Wow, where you cooking that pig Nash, you might have company.

We are planning to go to my sister in laws.  We are going to have ribs also, but not cooked like that.  Also burgers and Hot dogs.  Some will take a swim in the lake and later we will watch fireworks over that lake.


----------



## TexasClodhopper (Jul 1, 2008)

Re: 4th

We're camping on Lake Conroe Texas and expecting several local communities around the lake to put a fine display of fireworks into the air.
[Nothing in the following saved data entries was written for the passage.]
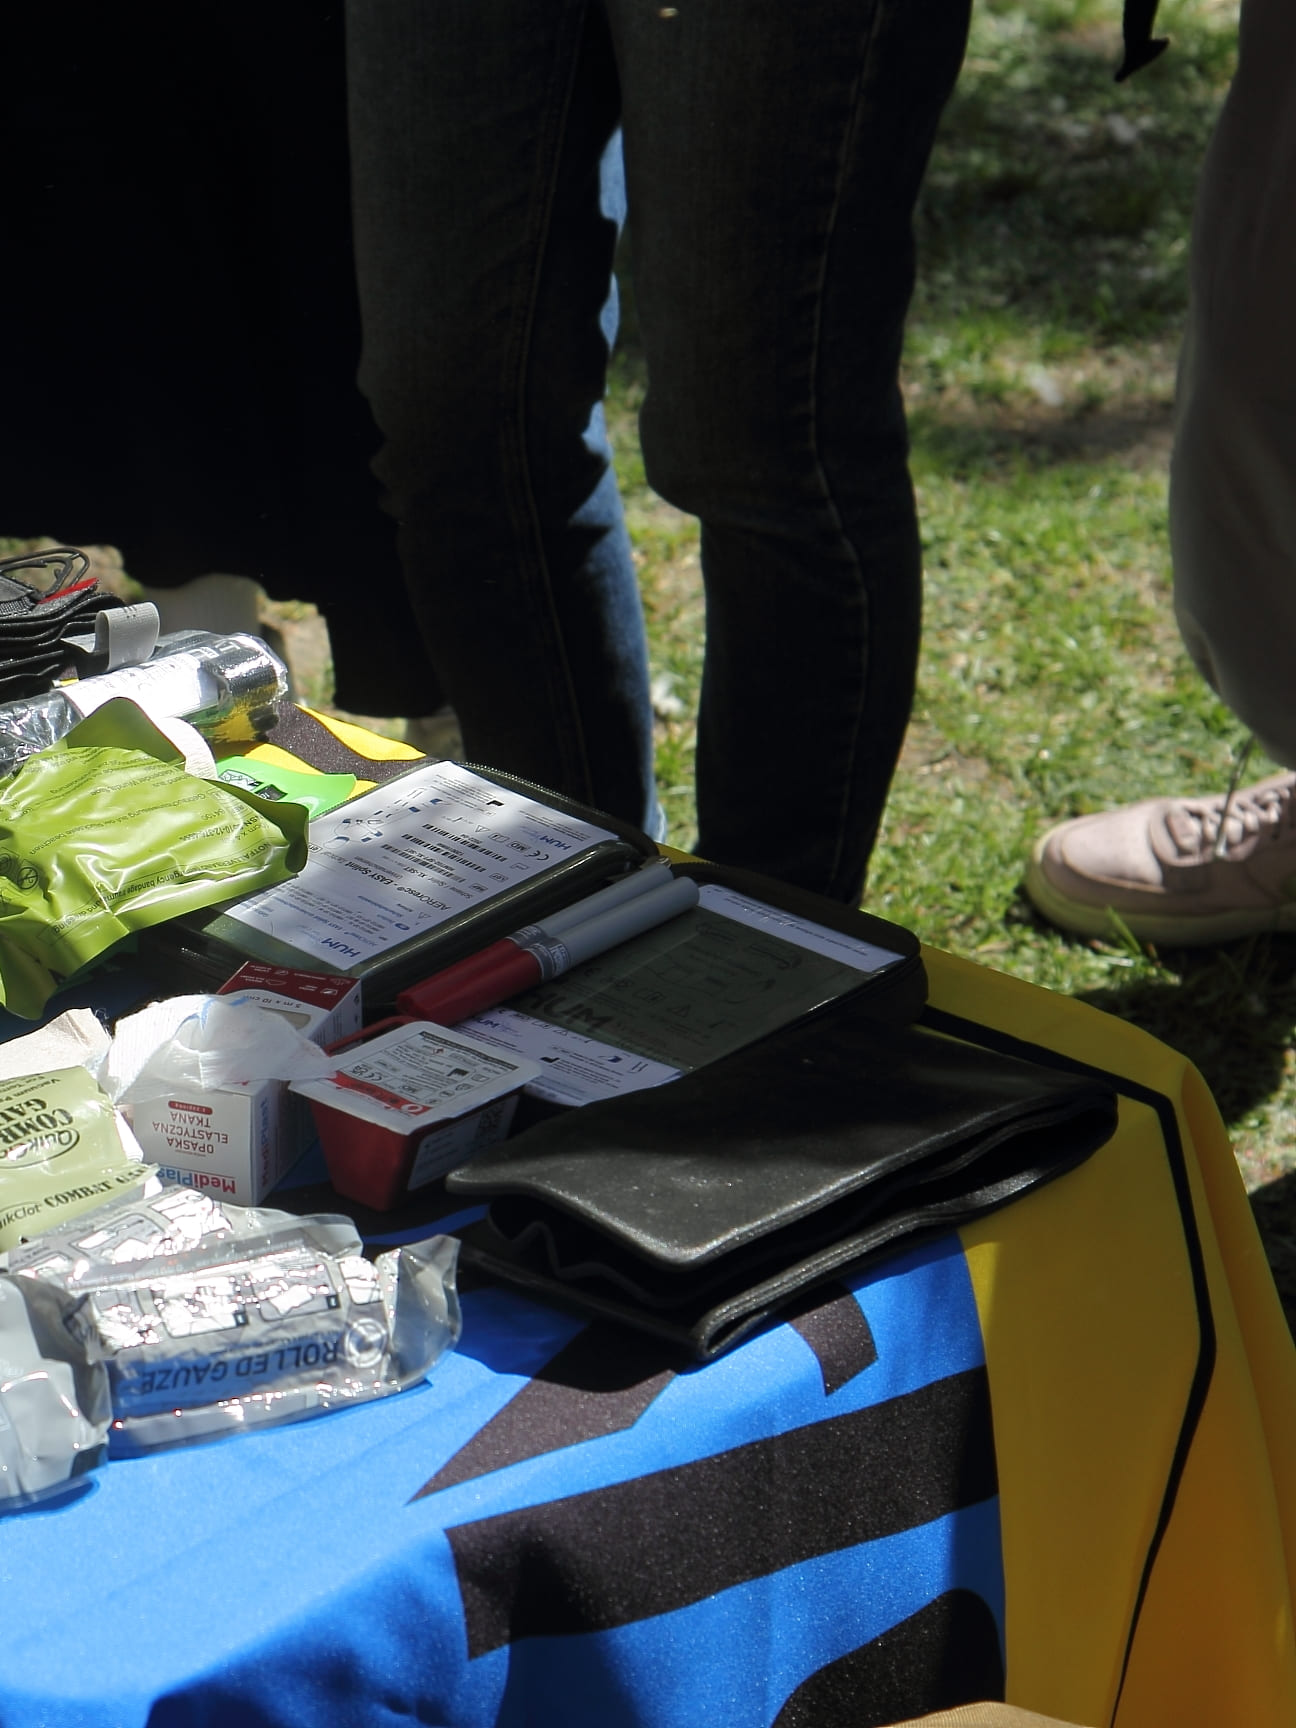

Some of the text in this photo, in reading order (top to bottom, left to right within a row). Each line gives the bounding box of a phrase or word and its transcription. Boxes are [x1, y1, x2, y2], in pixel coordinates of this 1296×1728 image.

[345, 859, 370, 877] Splint
[125, 878, 156, 896] bandage
[368, 870, 394, 887] EASY
[320, 934, 361, 961] HUM
[13, 1077, 60, 1100] Vacuum
[170, 1111, 211, 1127] TKANA
[152, 1120, 229, 1143] ELASTYCZNA
[166, 1136, 214, 1153] OPASKA
[43, 1178, 113, 1210] COMBAT
[140, 1341, 339, 1395] ROLLED GAUZE
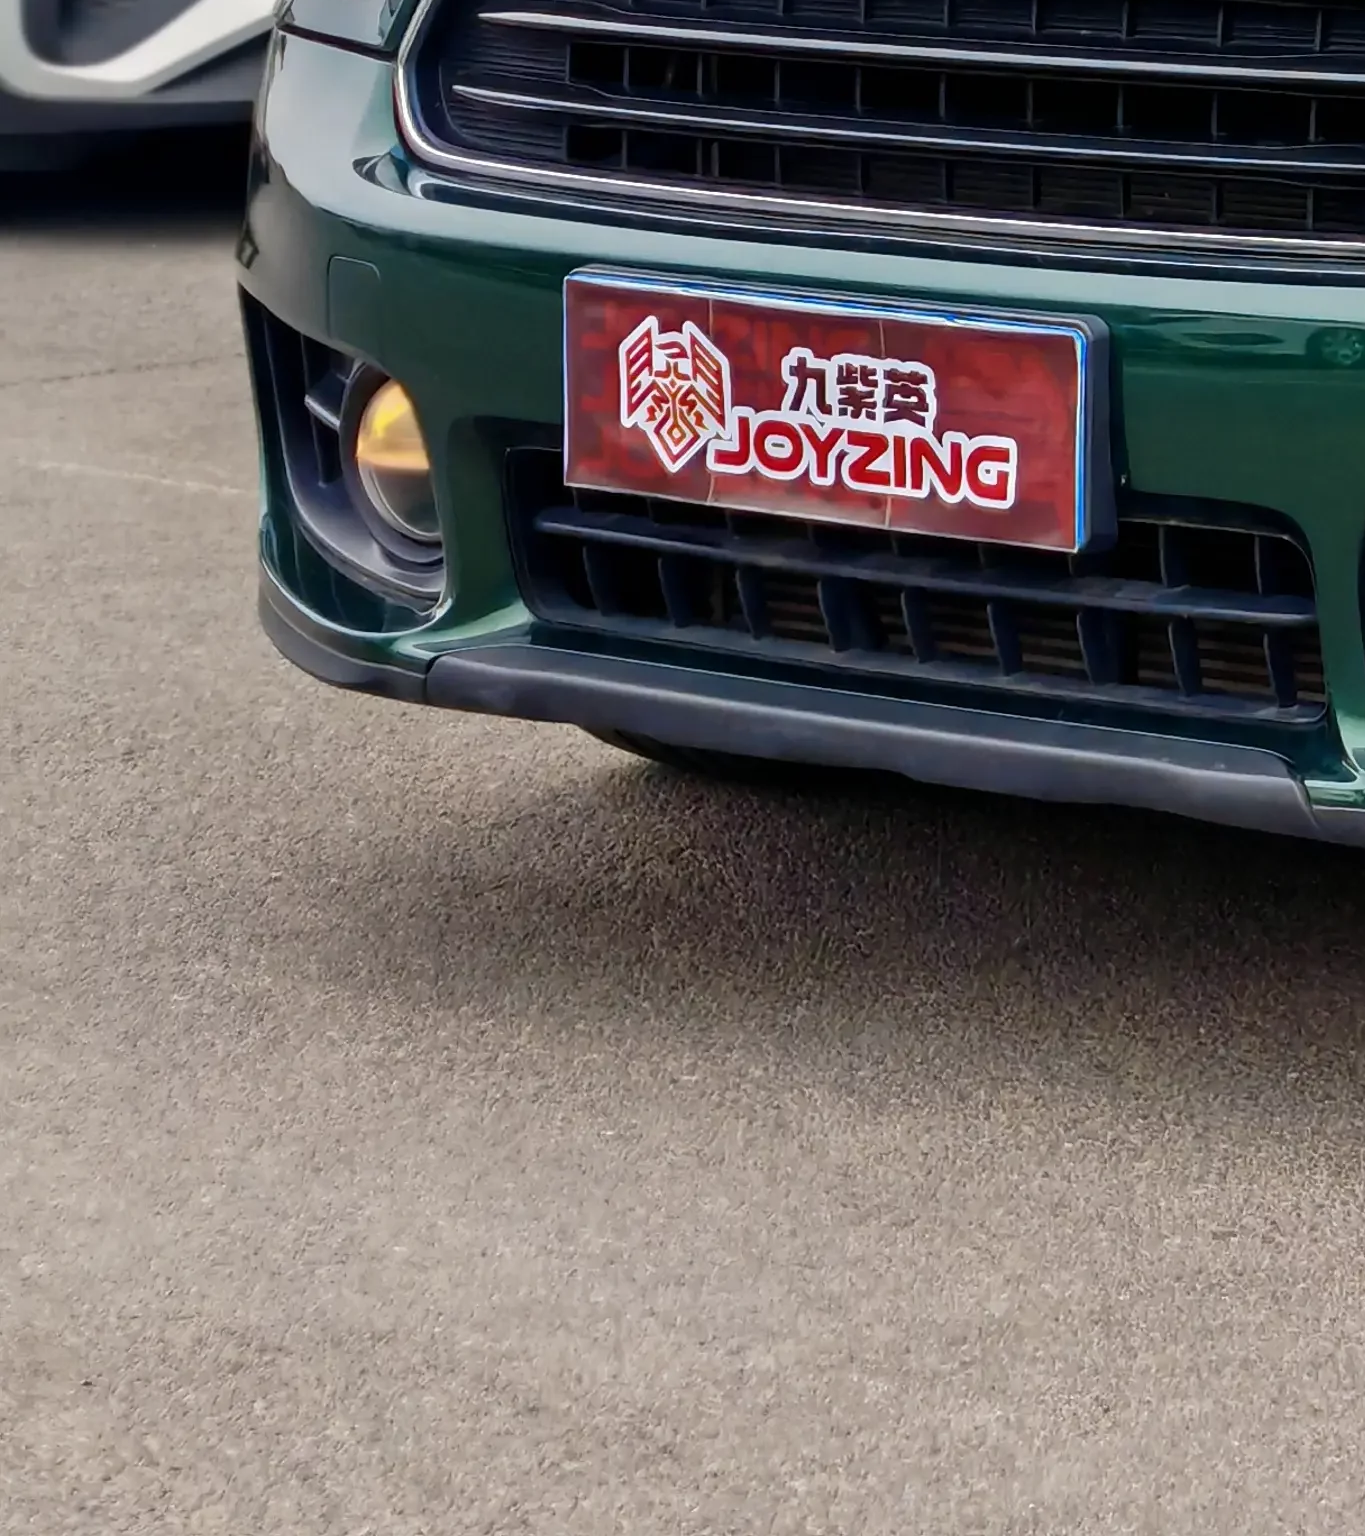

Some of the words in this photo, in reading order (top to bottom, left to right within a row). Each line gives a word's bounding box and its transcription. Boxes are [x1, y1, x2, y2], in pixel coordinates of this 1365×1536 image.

I'm hoping to have a hamburger or hotdog on the grill, too!


----------



## Guest (Jul 1, 2008)

Re: 4th

Damn ,, Nash u eat like GTS does when he's camping ,, but as for me ,, i closing down thursday thru monday ,, and for us ,, we are planning some steaks and fish grilled out ,, just like tex and Ken ,,, and i'll be laying on the pool those 3 days ,, and my son is gonna do the fireworks for us ,, already bought about 100 bucks worth ,,, they are leagal in our county and city ,,, so to all of u have a great 4th ,, and remember all our soldiers that are keeping it a way that we can celebrate this fine Independence day  :approve:  :approve:  :approve:


----------



## cwishert (Jul 2, 2008)

Re: 4th

I would love to have some of that pig it sounds delicious.  We have company coming from Dallas and Florida so we will be staying at home and having Fajitas with all the trimmings.  There is a burn ban down here so the fireworks will be very limited.  The community quit putting on a show a few years back when they could get no sponsorship.  We live out in the "country" so it is legal to do fireworks but it is too dry so there will be a fine if the fire department catches anyone doing aerial fireworks like bottle rockets and things like that.  But we will be at home so we will have plenty of adult beverages on hand.  We can sit back and watch and see if any of the neighbors are brave enough to shoot off any fire works.  It usually is a big show around our neighborhood when there is not a burn ban.  I think some of the neighbors try to compete with each other to see who can do the biggest, and the loudest.  Not us though we just usually do a few and then watch every body else.


----------



## krautdog (Jul 2, 2008)

RE: 4th

The pig roast sounds great, a friend of mine built this huge contraption out of stainless steel to roast a pig, he has some kind of ultra slow speed motor to turn the pig. We're planning on the usual, burgers, brats. Etc but one day we are doing kabobs on the grill. As for beverages, I work for Buckeye Brewing and I just bottled up a few batches of our summertime beer called '76 IPA. It's big and bitter, my favorite drink when the weather gets hot. Might have a bocce ball tournament, if the fish aren't biting. Have a happy 4th everyone!

Cheers


----------



## utmtman (Jul 2, 2008)

Re: 4th

Going to the sister in laws for a BBQ on the 4th in Seattle.  Not sure what they be BBQing.  Dont see them enough to know whats happening.   Hope you have a great 4th people and enjoy that pig Nash and have a great holiday.


----------



## Shadow (Jul 2, 2008)

Re: 4th

We will be going to the coast for some fishing and a lot of BBQ. Matagorda is also under a burn ban. But suspect a lot of fireworks out on the beach..
Be safe everyone and have a great 4th.


----------



## rjf7g (Jul 2, 2008)

Re: 4th

I was planning on smoking some ribs on the 4th at my place at Smith Mountain Lake.  Kenneth has been there (or sent his guys there) since I have - I lost the awning again while I was out of state on business...on the 5th, the campground will have a golf cart parade/decoration contest (we won last year), then a potluck picnic (taking pasta salad to it), followed by a couple of hours of karaoke.  I am on vacation the following week and will stay at the lake the whole time. 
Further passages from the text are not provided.